*** Opening SUPPLIED RECORDS ***

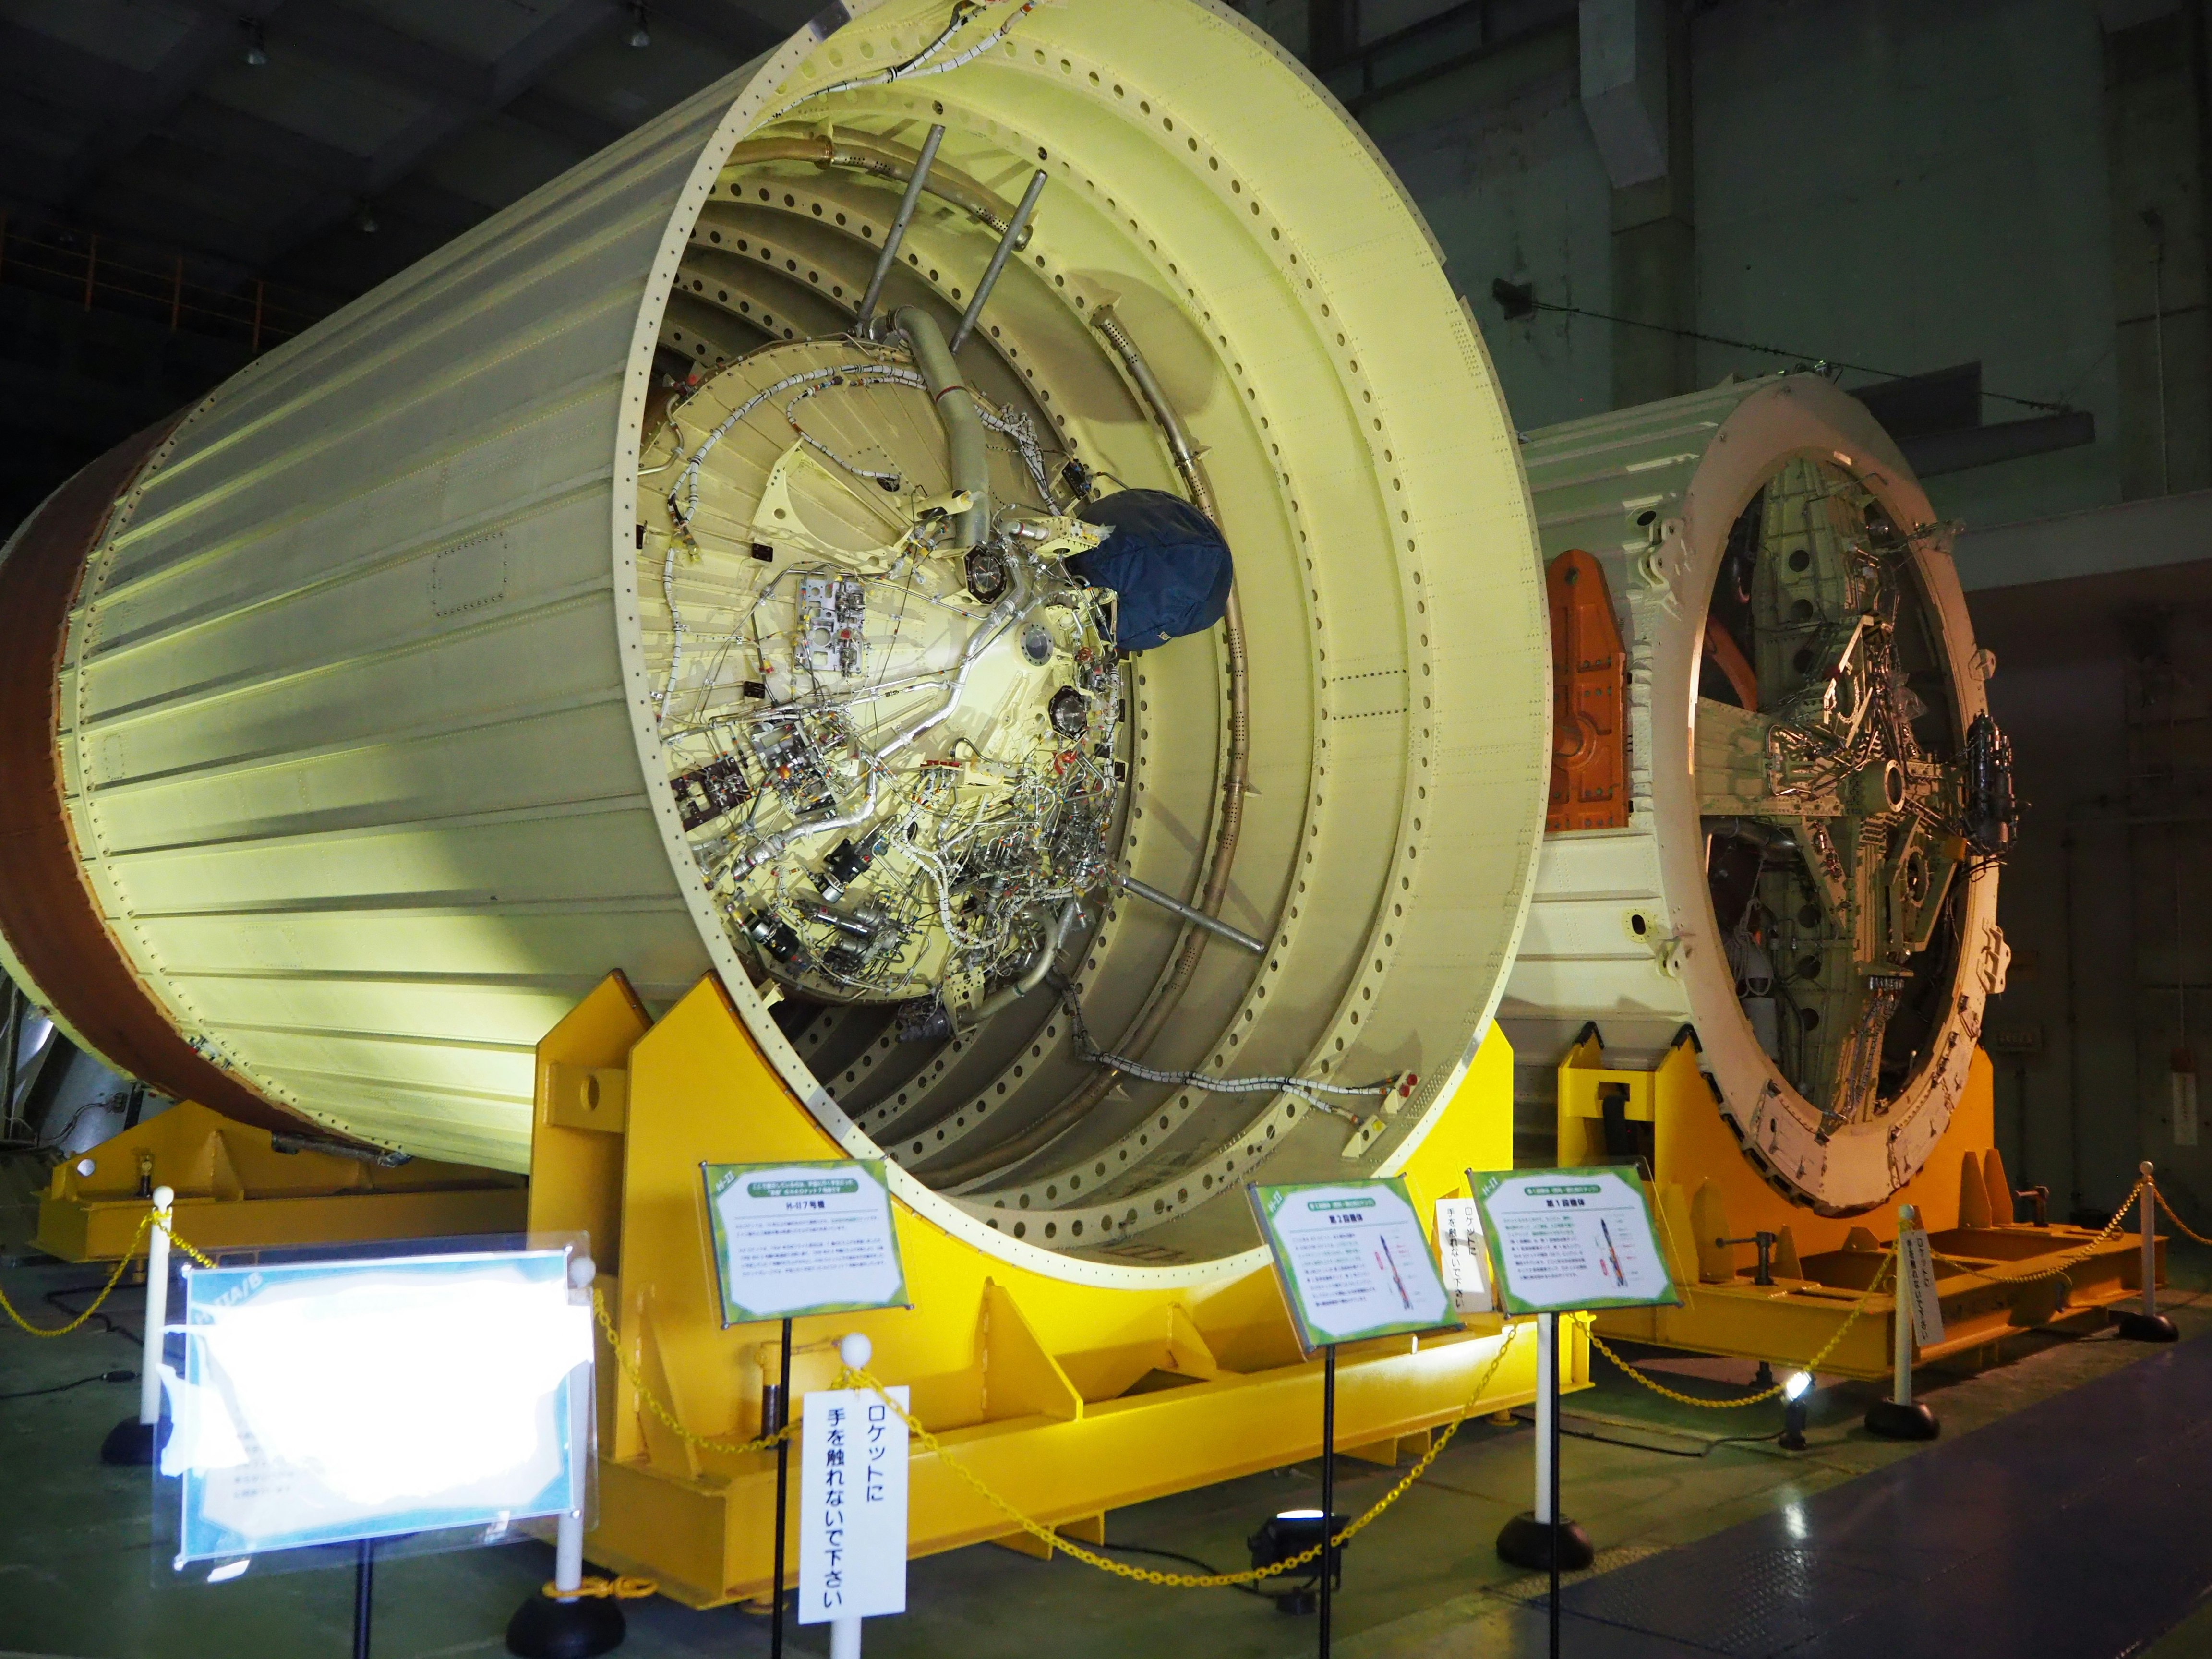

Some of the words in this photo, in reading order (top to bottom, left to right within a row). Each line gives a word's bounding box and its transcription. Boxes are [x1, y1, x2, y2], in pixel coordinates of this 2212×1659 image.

[1447, 1208, 1464, 1308] 手を触れないで下さい
[1465, 1207, 1477, 1256] ロケットに
[867, 1405, 886, 1503] ロケットに
[824, 1408, 846, 1608] 手を触れないで下さい

*** Closing SUPPLIED RECORDS ***

EXERCISE REQUIREMENTS: The records above are to be repeated exactly, with every picture removed from the copy.

YOUR SOLUTION:
Some of the words in this photo, in reading order (top to bottom, left to right within a row). Each line gives a word's bounding box and its transcription. Boxes are [x1, y1, x2, y2], in pixel coordinates of this 2212×1659 image.

[1447, 1208, 1464, 1308] 手を触れないで下さい
[1465, 1207, 1477, 1256] ロケットに
[867, 1405, 886, 1503] ロケットに
[824, 1408, 846, 1608] 手を触れないで下さい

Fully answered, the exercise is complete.